### What is expected
Transcribe, word for word, all of the entries below, and exclude any pictures from the copy.

== Data for analysis ==

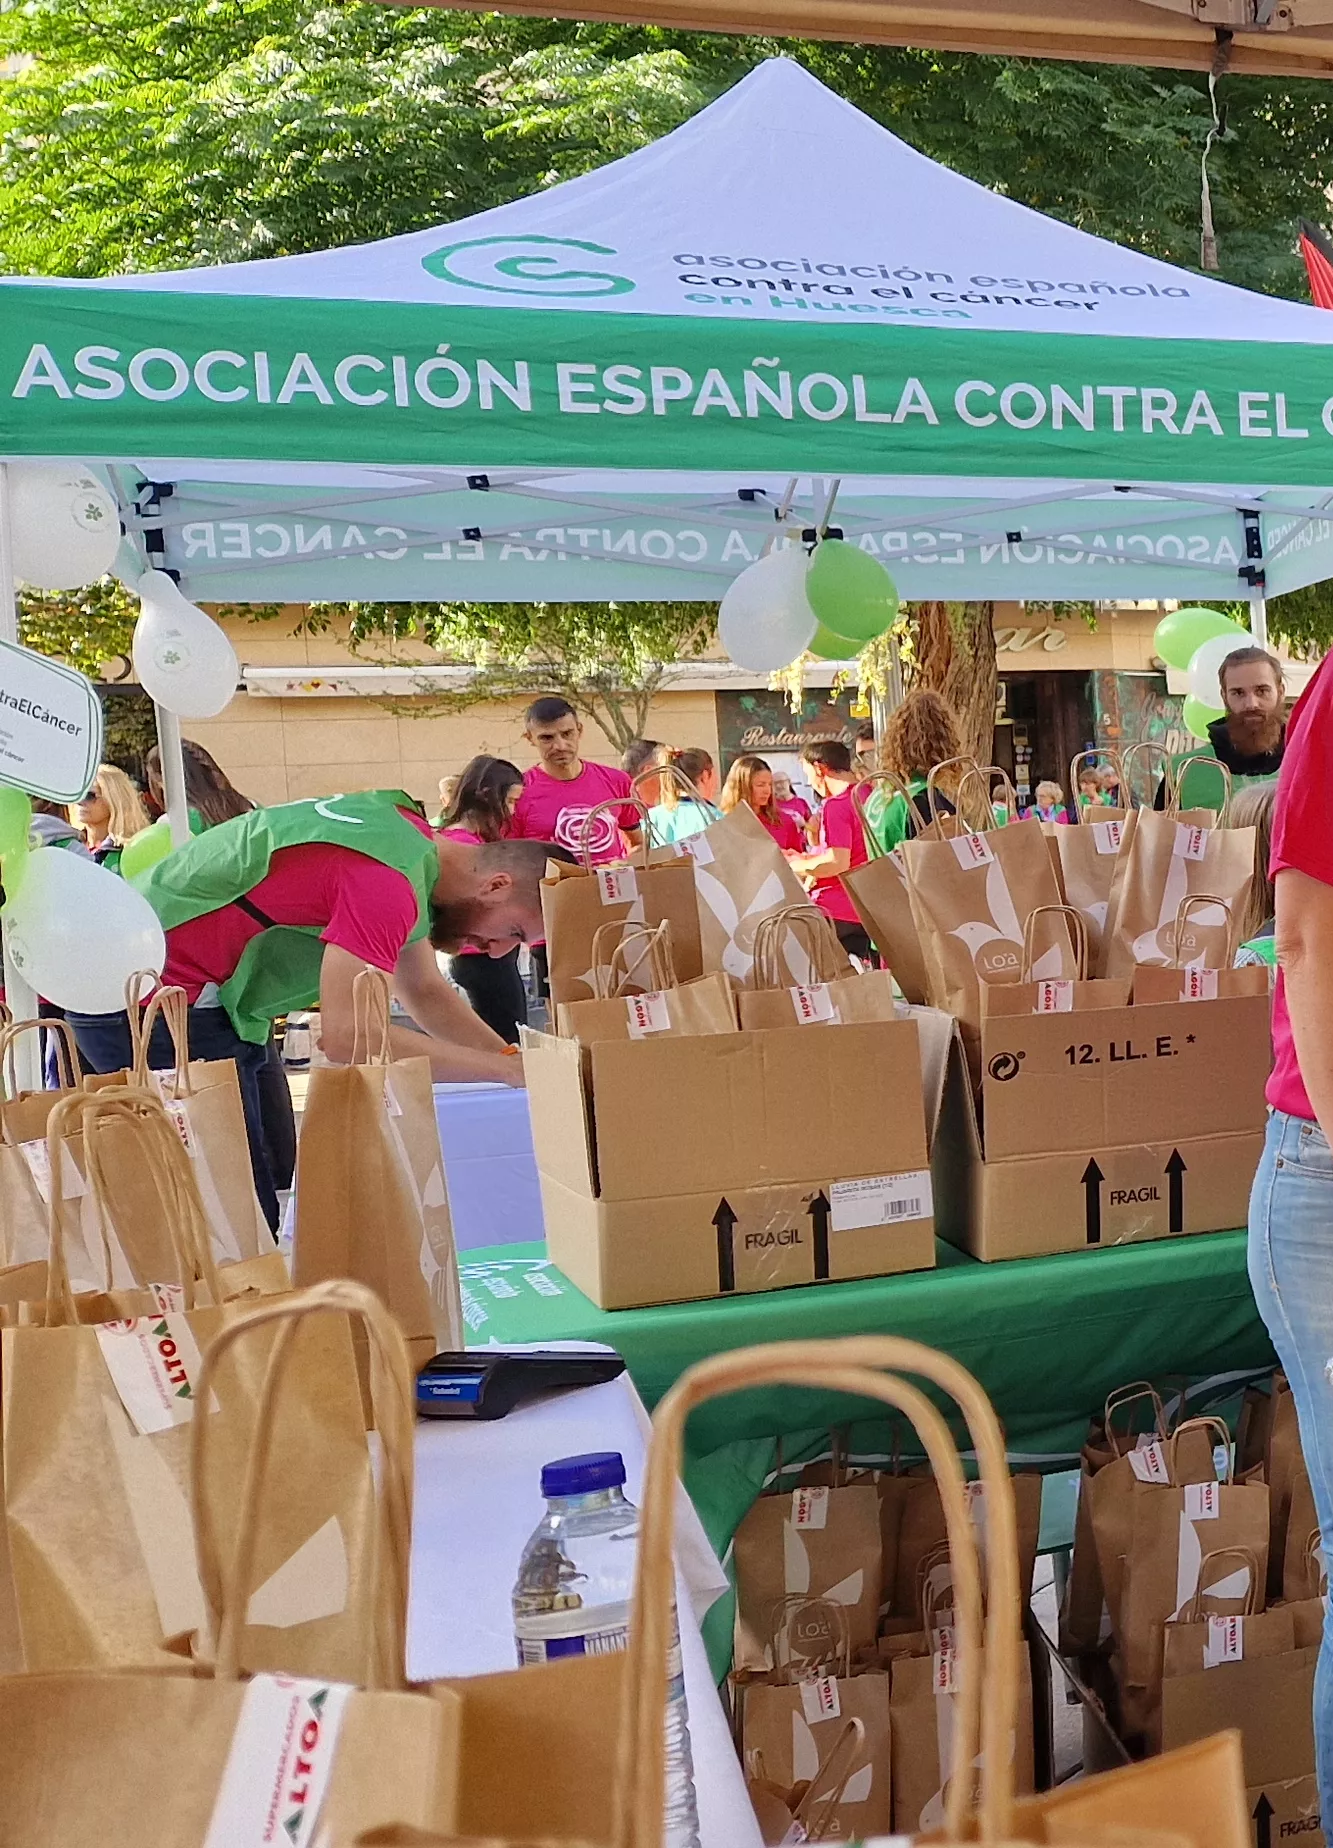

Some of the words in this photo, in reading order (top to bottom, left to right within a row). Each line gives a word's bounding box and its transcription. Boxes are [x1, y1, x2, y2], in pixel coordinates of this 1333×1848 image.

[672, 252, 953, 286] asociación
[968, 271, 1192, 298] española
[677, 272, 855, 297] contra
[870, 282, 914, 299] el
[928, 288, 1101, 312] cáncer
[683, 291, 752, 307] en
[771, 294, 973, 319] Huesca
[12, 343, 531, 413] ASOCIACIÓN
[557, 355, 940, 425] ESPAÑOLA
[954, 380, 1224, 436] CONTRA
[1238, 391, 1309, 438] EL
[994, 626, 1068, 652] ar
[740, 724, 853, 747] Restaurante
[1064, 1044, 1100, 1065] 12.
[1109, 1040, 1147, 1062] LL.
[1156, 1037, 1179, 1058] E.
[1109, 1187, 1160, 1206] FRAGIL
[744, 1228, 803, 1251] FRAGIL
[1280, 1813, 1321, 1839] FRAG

===

### Answer area
Some of the words in this photo, in reading order (top to bottom, left to right within a row). Each line gives a word's bounding box and its transcription. Boxes are [x1, y1, x2, y2], in pixel coordinates of this 1333×1848 image.

[672, 252, 953, 286] asociación
[968, 271, 1192, 298] española
[677, 272, 855, 297] contra
[870, 282, 914, 299] el
[928, 288, 1101, 312] cáncer
[683, 291, 752, 307] en
[771, 294, 973, 319] Huesca
[12, 343, 531, 413] ASOCIACIÓN
[557, 355, 940, 425] ESPAÑOLA
[954, 380, 1224, 436] CONTRA
[1238, 391, 1309, 438] EL
[994, 626, 1068, 652] ar
[740, 724, 853, 747] Restaurante
[1064, 1044, 1100, 1065] 12.
[1109, 1040, 1147, 1062] LL.
[1156, 1037, 1179, 1058] E.
[1109, 1187, 1160, 1206] FRAGIL
[744, 1228, 803, 1251] FRAGIL
[1280, 1813, 1321, 1839] FRAG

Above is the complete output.